CRM taught industry that a pilot's core competencies can't be limited to hand flying, Sumwalt explains. In his mind, monitoring's importance means it too should rank as a core piloting skill. “Yes, pilots have to have good stick-and-rudder skills, and yes, they have to have good CRM skills, but they also have to have good monitoring skills,” he says. “That's the paradigm shift we're looking for.”

The APM group will present qualitative data to establish inadequate monitoring as a widespread problem. Its report will break new ground by presenting results derived from nearly two decades' worth of real-world observations from Line Operations Safety Audits (LOSA).

The audits, used by nearly 50 carriers, place an observer in the jumpseat to record specific pilot performance aspects on routine flights. LOSA's widespread use means trends gleaned from the data are more likely to garner attention than examples from a small set of accidents.

APM's conclusion is head-turning. LOSA data reveals pilots with poor monitoring skills are at least twice as likely to make a mistake as are pilots that monitor effectively.

“Most airline managers use data to drive operational changes,” says Dempsey. “In simplistic terms, we'd like to get each airline manager to admit, 'I have a problem at my airline and if I choose to ignore this problem, at some point, I'm two to three times more likely than my competitor to make an error.' I'm confident the data in this report will get us there.”
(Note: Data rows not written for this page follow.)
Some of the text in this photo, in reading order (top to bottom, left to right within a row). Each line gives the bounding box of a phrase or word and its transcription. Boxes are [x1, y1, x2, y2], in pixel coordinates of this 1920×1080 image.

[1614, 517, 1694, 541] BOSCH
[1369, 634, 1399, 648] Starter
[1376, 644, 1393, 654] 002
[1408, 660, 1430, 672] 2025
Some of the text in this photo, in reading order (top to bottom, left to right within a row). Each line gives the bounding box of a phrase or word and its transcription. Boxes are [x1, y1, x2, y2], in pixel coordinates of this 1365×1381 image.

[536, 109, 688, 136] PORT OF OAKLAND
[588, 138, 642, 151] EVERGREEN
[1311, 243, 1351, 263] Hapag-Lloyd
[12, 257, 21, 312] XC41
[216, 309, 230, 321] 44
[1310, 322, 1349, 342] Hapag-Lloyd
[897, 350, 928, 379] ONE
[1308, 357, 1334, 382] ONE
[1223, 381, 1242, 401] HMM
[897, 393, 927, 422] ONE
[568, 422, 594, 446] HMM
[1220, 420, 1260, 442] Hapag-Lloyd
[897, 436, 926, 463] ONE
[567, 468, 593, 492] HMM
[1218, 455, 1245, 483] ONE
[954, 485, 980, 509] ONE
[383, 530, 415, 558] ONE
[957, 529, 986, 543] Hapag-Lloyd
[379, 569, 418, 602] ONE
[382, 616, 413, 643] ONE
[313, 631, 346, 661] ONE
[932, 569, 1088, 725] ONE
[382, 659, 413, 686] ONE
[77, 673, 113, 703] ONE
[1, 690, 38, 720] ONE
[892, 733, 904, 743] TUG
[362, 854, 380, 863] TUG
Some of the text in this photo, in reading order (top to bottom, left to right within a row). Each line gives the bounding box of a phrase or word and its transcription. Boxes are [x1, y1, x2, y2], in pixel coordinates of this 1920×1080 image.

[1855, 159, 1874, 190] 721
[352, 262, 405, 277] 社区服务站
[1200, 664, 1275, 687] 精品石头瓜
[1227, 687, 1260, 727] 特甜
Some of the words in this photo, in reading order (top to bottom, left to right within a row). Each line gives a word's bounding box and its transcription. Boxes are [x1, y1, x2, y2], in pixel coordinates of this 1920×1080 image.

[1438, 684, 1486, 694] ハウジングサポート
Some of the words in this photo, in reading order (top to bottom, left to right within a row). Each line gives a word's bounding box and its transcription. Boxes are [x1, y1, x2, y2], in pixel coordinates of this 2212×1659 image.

The report's deliverables are recommendations and ready-made training aids. The recommendations are not about ideology; they are about saying, “do this,” Dempsey says. The aim is to make them “very specific” and easy to implement.

One example: a sterile cockpit policy for the last 1,000 ft. of any altitude change. Altitude deviations are the most common flight-crew errors observed. Encouraging pilots to set aside non-essential tasks and focus on leveling off could help to eliminate the problem.